The presence of a severe Coombs negative haemolytic anemia with schistocytes or fragmented red blood cells in the peripheral blood smear, coupled with thrombocytopenia and minimal activation of the coagulation system help to confirm the clinical suspicion of TTP (1). In our patient, severe haemolytic anemia, typical findings in the blood smear and minimal thrombocytopenia were present. Interesting characteristics of our patient were neurological and hepatic findings. She had no thrombocytopenia while having cerebrovascular accident, but then a minimal decrease of platelets was developed. O'Brien et al described a case of TTP with dominant neurological findings as in our case (7) but our patient had also severe liver enzyme increment.
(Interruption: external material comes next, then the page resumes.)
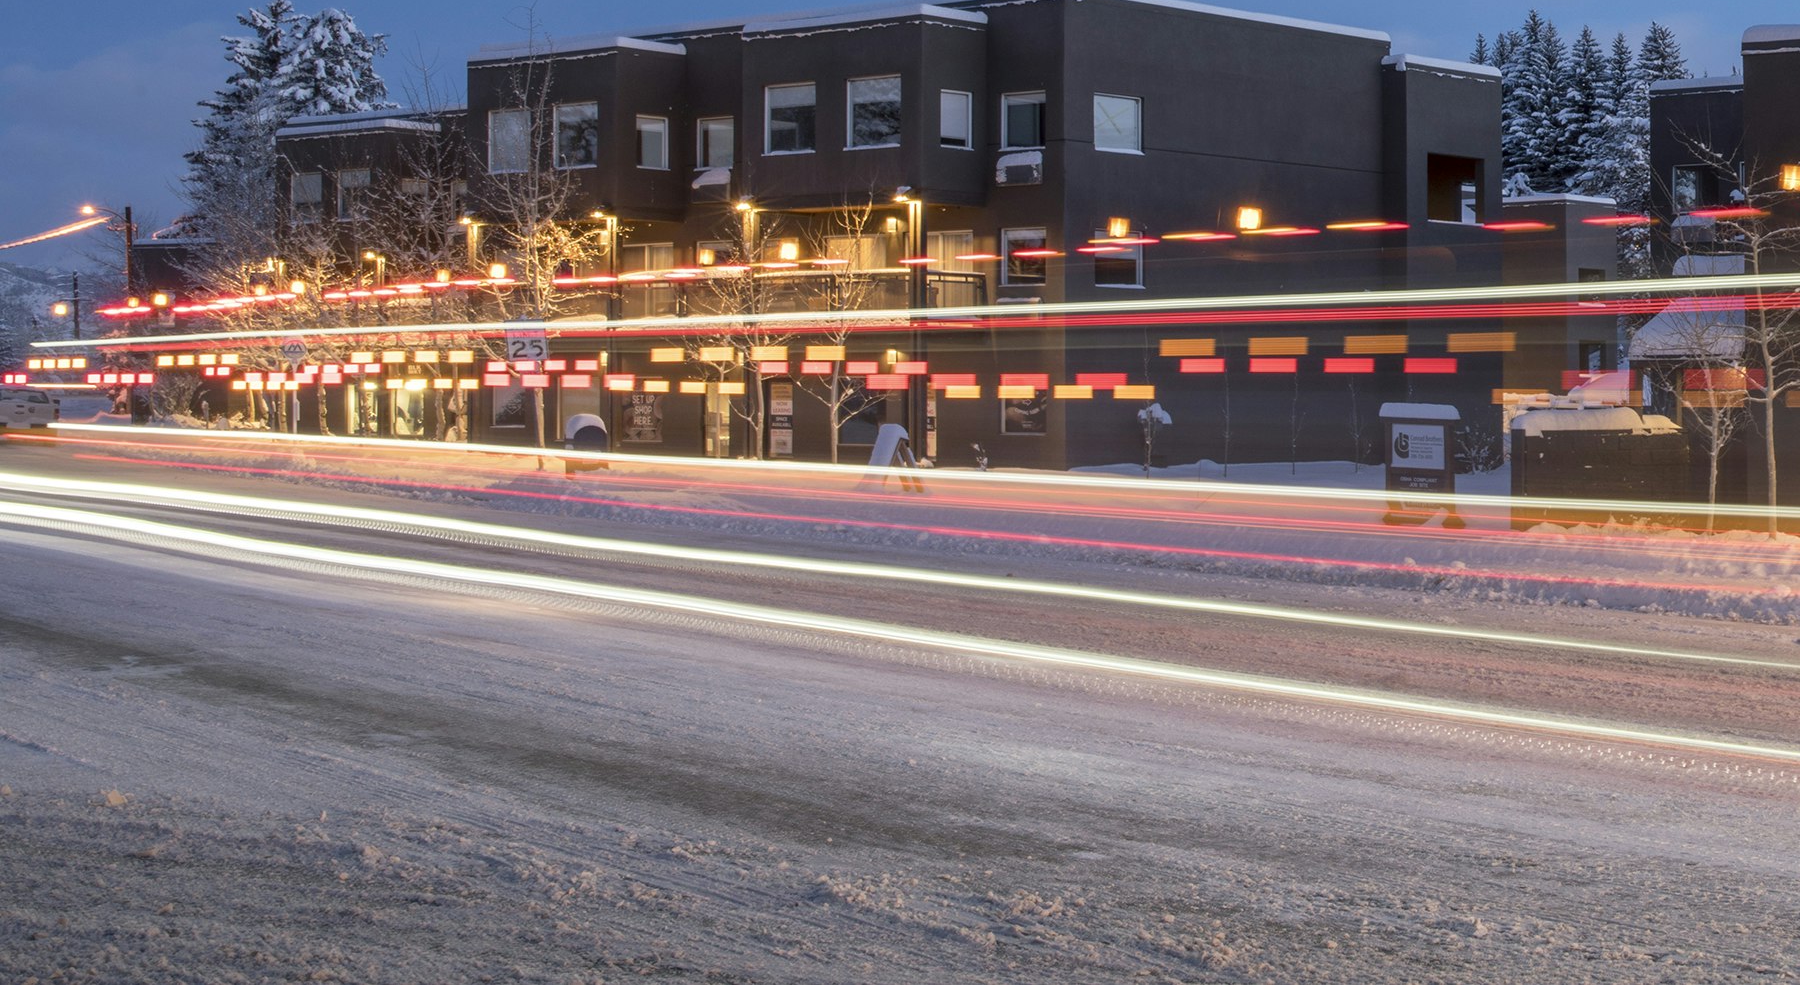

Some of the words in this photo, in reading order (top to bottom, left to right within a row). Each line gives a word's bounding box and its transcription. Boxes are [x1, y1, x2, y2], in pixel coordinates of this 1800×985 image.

[512, 340, 544, 358] 25
[632, 395, 644, 404] SET
[645, 395, 655, 404] UP
[634, 406, 652, 414] SHOP
The treatment of acute TTP has changed radically in the past few years. Steroid and heparin or splenectomy, have been abandoned, and the enthusiasm for antiplatelet therapy has diminished. Increasingly, treatment has focused on the use of exchange transfusion or intensive plasmapheresis coupled with infusion of fresh frozen plasma (1, 8, 9). We also gave high dose corticosteroids, fresh frozen plasma and administered plasmapheresis to our patient. Although the prognosis of TTP is usually poor and the response to the therapy is generally not good, in our patient, with early diagnosis and immediate treatment, a dramatic recovery has been achieved in a short period of time.
In conclusion, without severe thrombocytopenia, neurological findings and impaired hepatic functions could be the presenting features of TTP. In such a case as this, clinical suspicion should be thought about TTP. Early diagnosis and treatment would impact on the prognosis.